===== Input =====

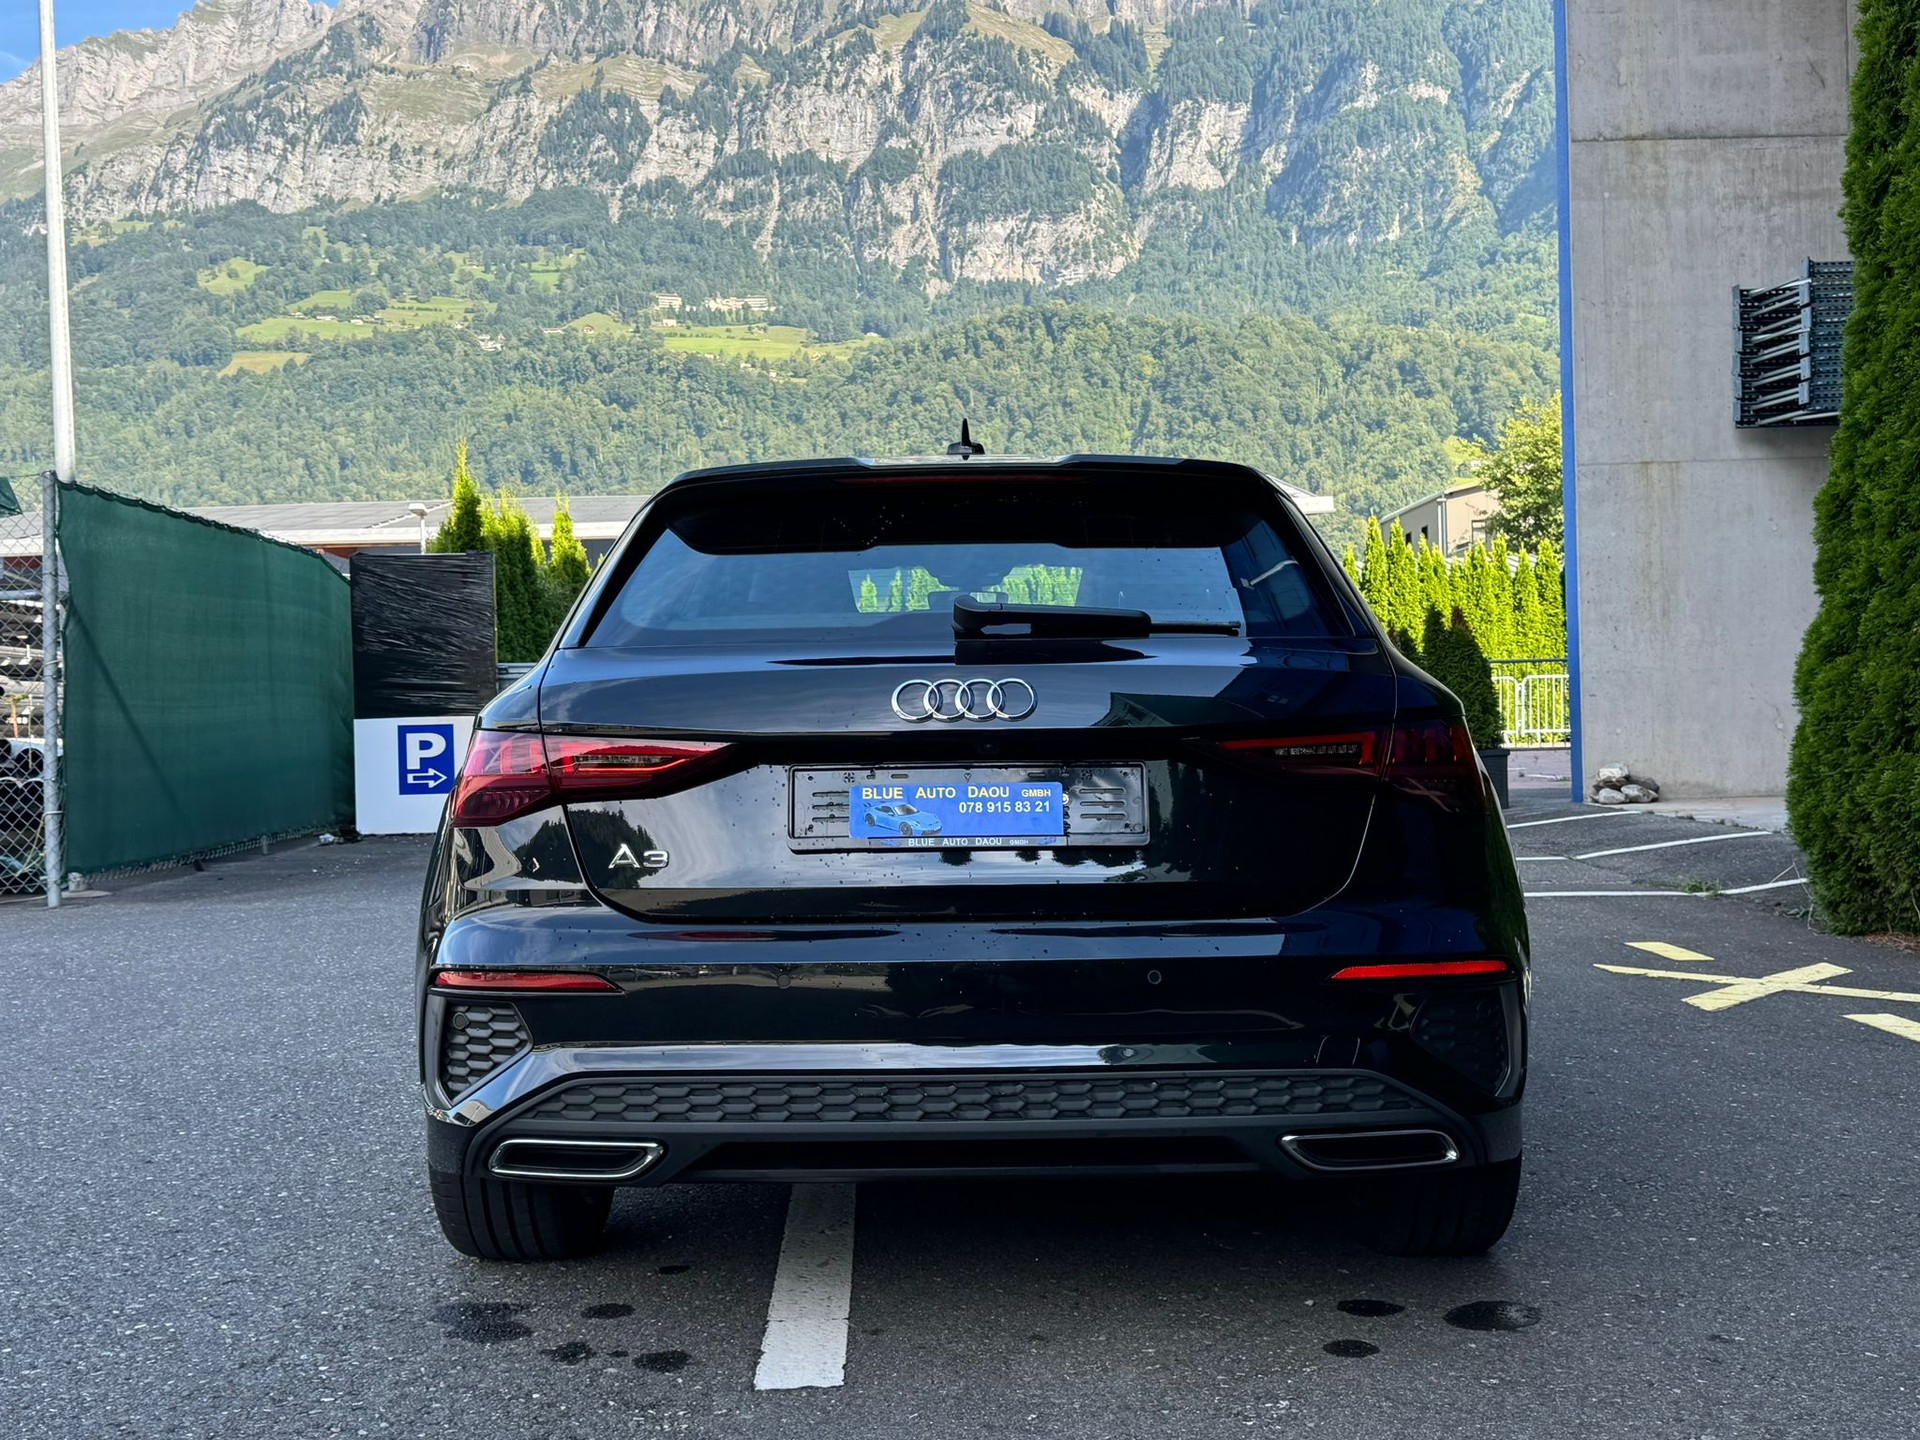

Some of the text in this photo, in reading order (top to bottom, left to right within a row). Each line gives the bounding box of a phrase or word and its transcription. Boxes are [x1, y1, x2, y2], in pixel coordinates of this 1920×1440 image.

[406, 733, 446, 770] P
[862, 786, 1051, 799] BLUE AUTO DAOU GMBH
[959, 800, 1050, 813] 078 915 83 21
[908, 838, 935, 846] BLUE
[942, 838, 968, 846] AUTO
[608, 843, 668, 869] A3

=====

Write the data out again exactly, but without its images.

Some of the text in this photo, in reading order (top to bottom, left to right within a row). Each line gives the bounding box of a phrase or word and its transcription. Boxes are [x1, y1, x2, y2], in pixel coordinates of this 1920×1440 image.

[406, 733, 446, 770] P
[862, 786, 1051, 799] BLUE AUTO DAOU GMBH
[959, 800, 1050, 813] 078 915 83 21
[908, 838, 935, 846] BLUE
[942, 838, 968, 846] AUTO
[608, 843, 668, 869] A3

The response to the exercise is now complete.